§ Task to complete
I would like every record reproduced exactly, with the pictures left out.

(Items from a dataset)

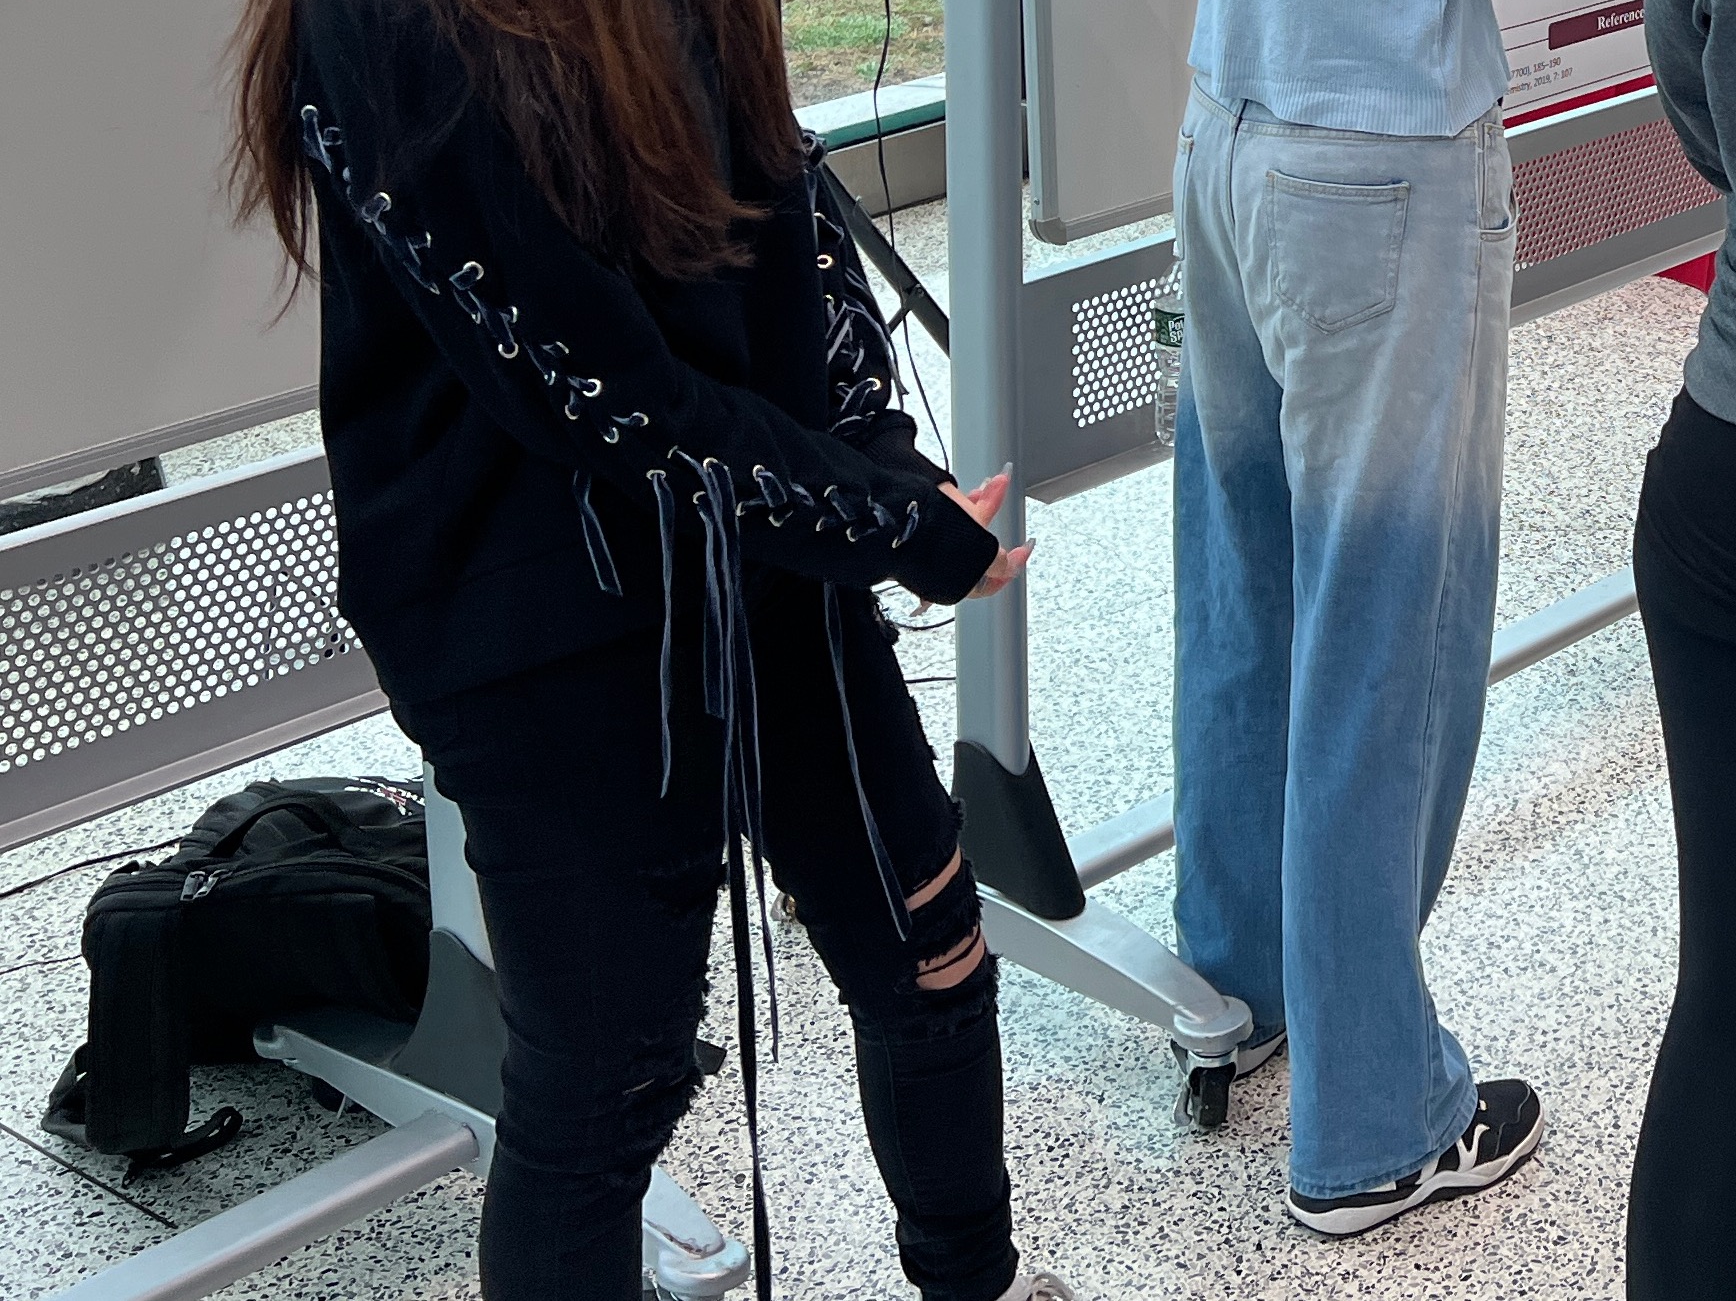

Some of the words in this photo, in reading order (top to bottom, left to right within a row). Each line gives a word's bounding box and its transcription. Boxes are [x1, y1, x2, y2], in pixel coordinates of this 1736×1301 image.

[1597, 7, 1644, 28] Reference
[1534, 74, 1551, 87] 2019,
[1561, 68, 1572, 80] 107
[1168, 320, 1184, 331] Pol
[1170, 330, 1183, 343] SP
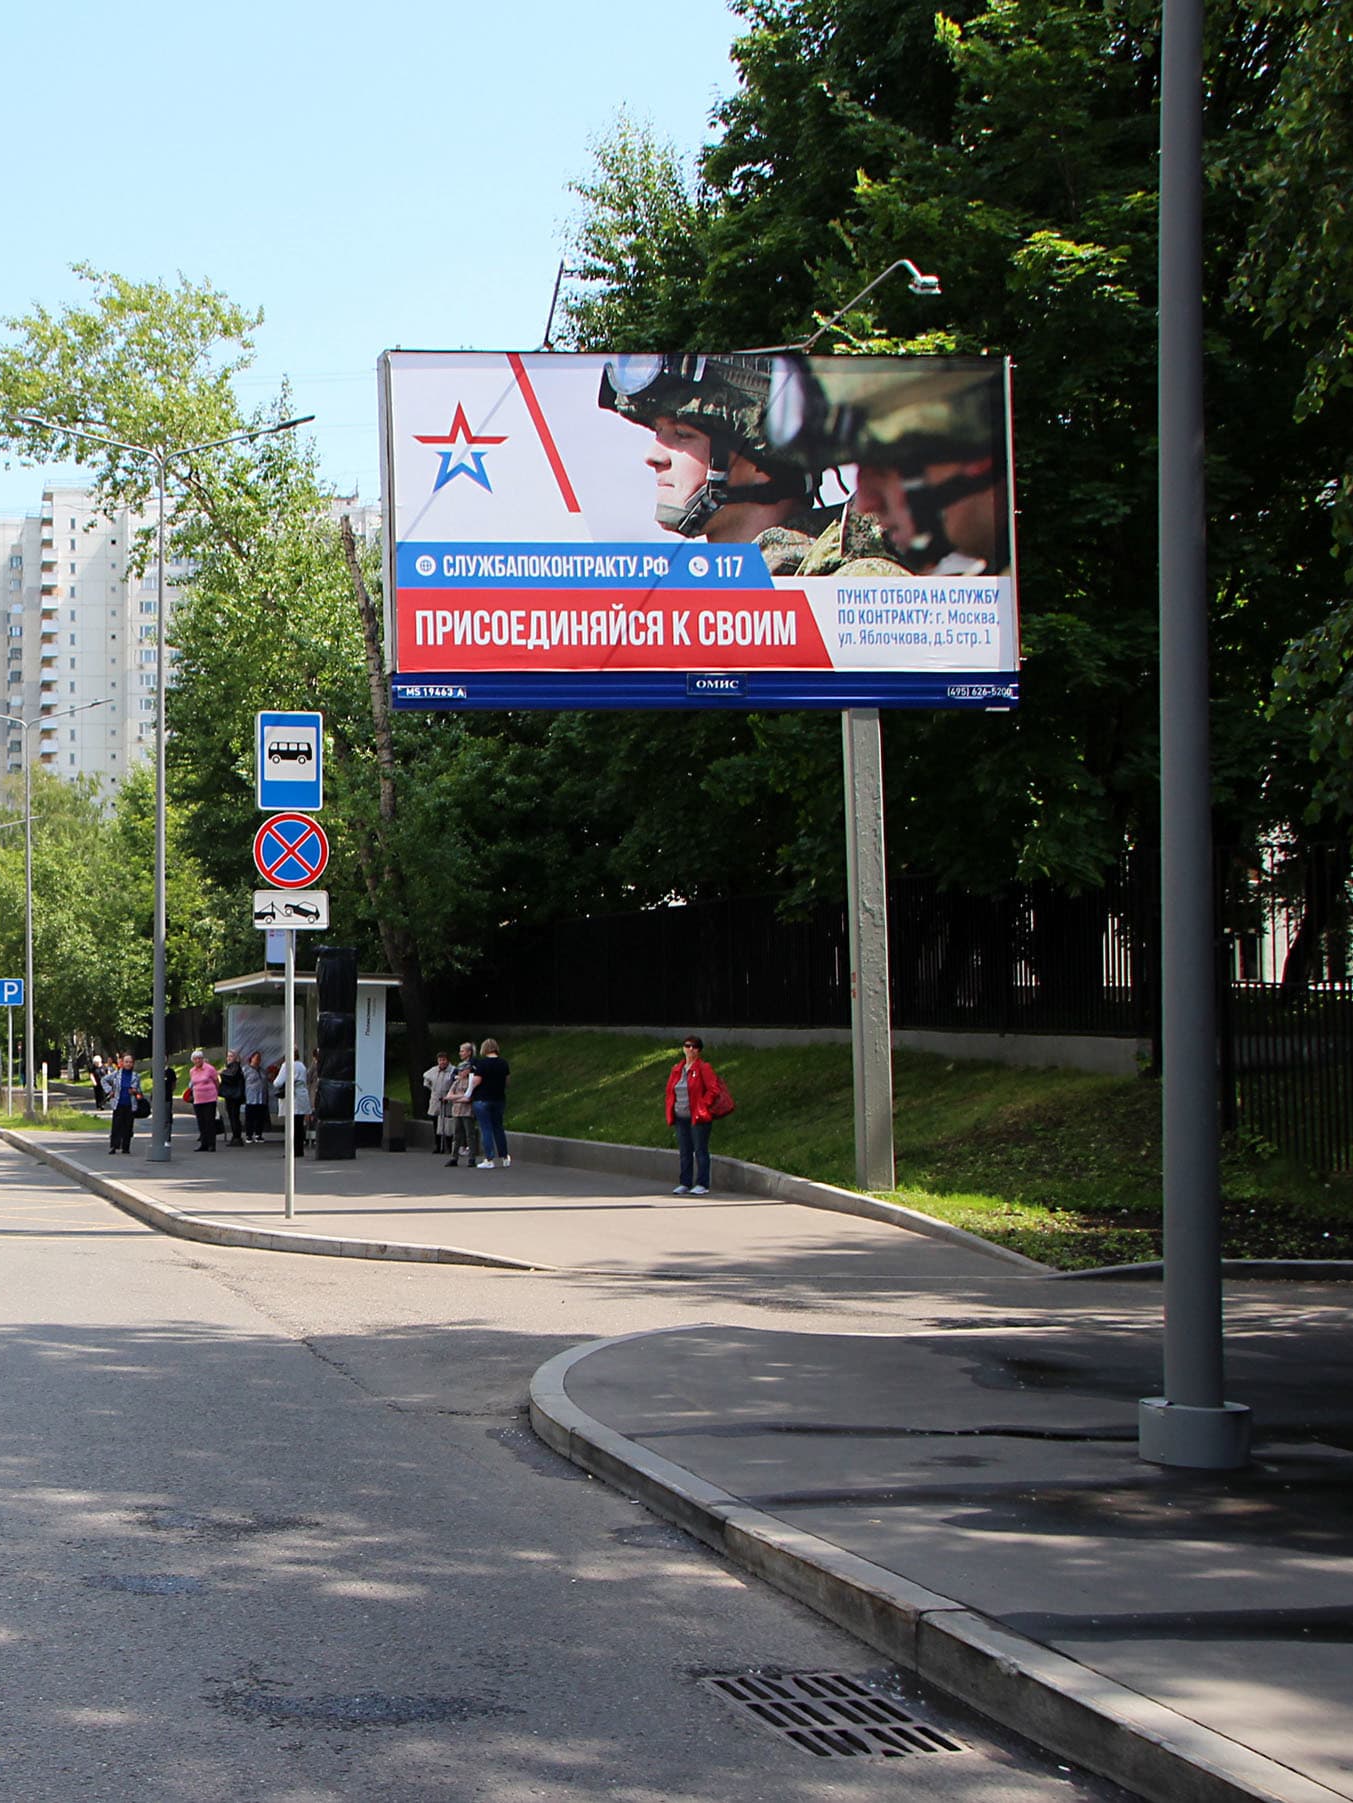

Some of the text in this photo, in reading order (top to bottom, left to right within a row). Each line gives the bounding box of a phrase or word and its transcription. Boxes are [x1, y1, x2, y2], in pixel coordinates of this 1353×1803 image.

[443, 555, 669, 577] СЛУЖБАПОКОНТРАКТУ.РФ
[715, 556, 744, 578] 117
[837, 588, 1000, 604] ПУНКТ ОТБОРА НА СЛУЖБУ
[415, 603, 797, 650] ПРИСОЕДИНЯЙСЯ К СВОИМ
[838, 609, 1000, 627] ПО КОНТРАКТУ: г. Москва,
[838, 631, 857, 648] ул.
[956, 631, 982, 648] стр.
[985, 629, 992, 645] 1
[406, 687, 464, 697] MS 19463 A
[947, 687, 1012, 697] (495) 626-5200
[3, 982, 19, 1002] P

§ Response area
Some of the words in this photo, in reading order (top to bottom, left to right within a row). Each line gives a word's bounding box and its transcription. Boxes are [x1, y1, x2, y2], in pixel coordinates of this 1736×1301 image.

[1597, 7, 1644, 28] Reference
[1534, 74, 1551, 87] 2019,
[1561, 68, 1572, 80] 107
[1168, 320, 1184, 331] Pol
[1170, 330, 1183, 343] SP

Some of the text in this photo, in reading order (top to bottom, left to right within a row). Each line gives the bounding box of a phrase or word and its transcription. Boxes are [x1, y1, x2, y2], in pixel coordinates of this 1353×1803 image.

[443, 555, 669, 577] СЛУЖБАПОКОНТРАКТУ.РФ
[715, 556, 744, 578] 117
[837, 588, 1000, 604] ПУНКТ ОТБОРА НА СЛУЖБУ
[415, 603, 797, 650] ПРИСОЕДИНЯЙСЯ К СВОИМ
[838, 609, 1000, 627] ПО КОНТРАКТУ: г. Москва,
[838, 631, 857, 648] ул.
[956, 631, 982, 648] стр.
[985, 629, 992, 645] 1
[406, 687, 464, 697] MS 19463 A
[947, 687, 1012, 697] (495) 626-5200
[3, 982, 19, 1002] P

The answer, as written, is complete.